● Records from a data collection
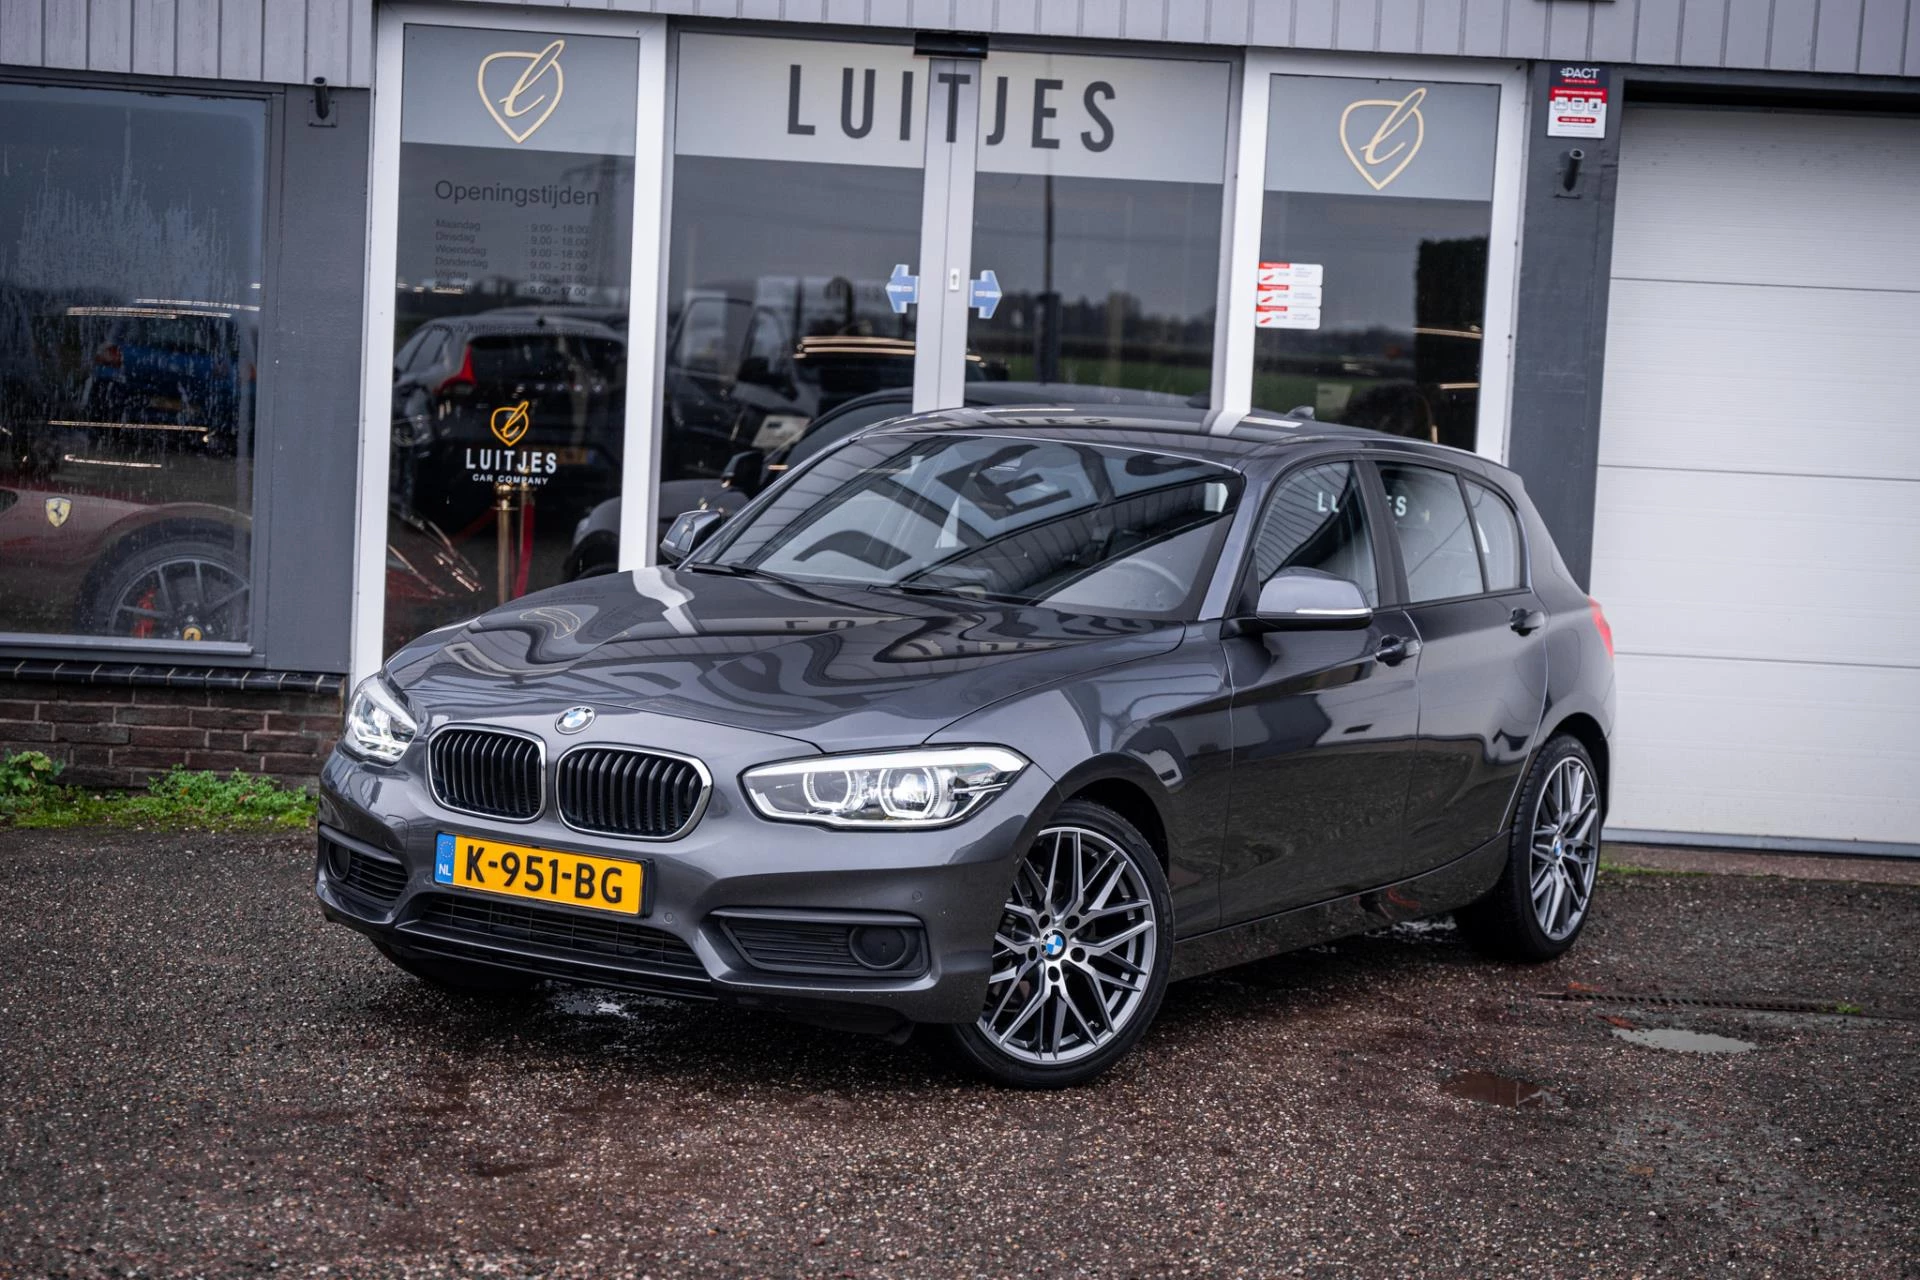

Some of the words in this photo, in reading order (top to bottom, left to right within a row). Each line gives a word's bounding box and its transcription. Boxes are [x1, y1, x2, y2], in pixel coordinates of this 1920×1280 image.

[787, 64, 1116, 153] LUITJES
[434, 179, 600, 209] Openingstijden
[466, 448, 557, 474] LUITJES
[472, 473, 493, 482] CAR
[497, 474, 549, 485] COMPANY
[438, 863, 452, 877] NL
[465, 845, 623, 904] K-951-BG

● WHAT YOU NEED TO DO
An exact copy of the data is required, with the pictures excluded.

● RESULT
Some of the words in this photo, in reading order (top to bottom, left to right within a row). Each line gives a word's bounding box and its transcription. Boxes are [x1, y1, x2, y2], in pixel coordinates of this 1920×1280 image.

[787, 64, 1116, 153] LUITJES
[434, 179, 600, 209] Openingstijden
[466, 448, 557, 474] LUITJES
[472, 473, 493, 482] CAR
[497, 474, 549, 485] COMPANY
[438, 863, 452, 877] NL
[465, 845, 623, 904] K-951-BG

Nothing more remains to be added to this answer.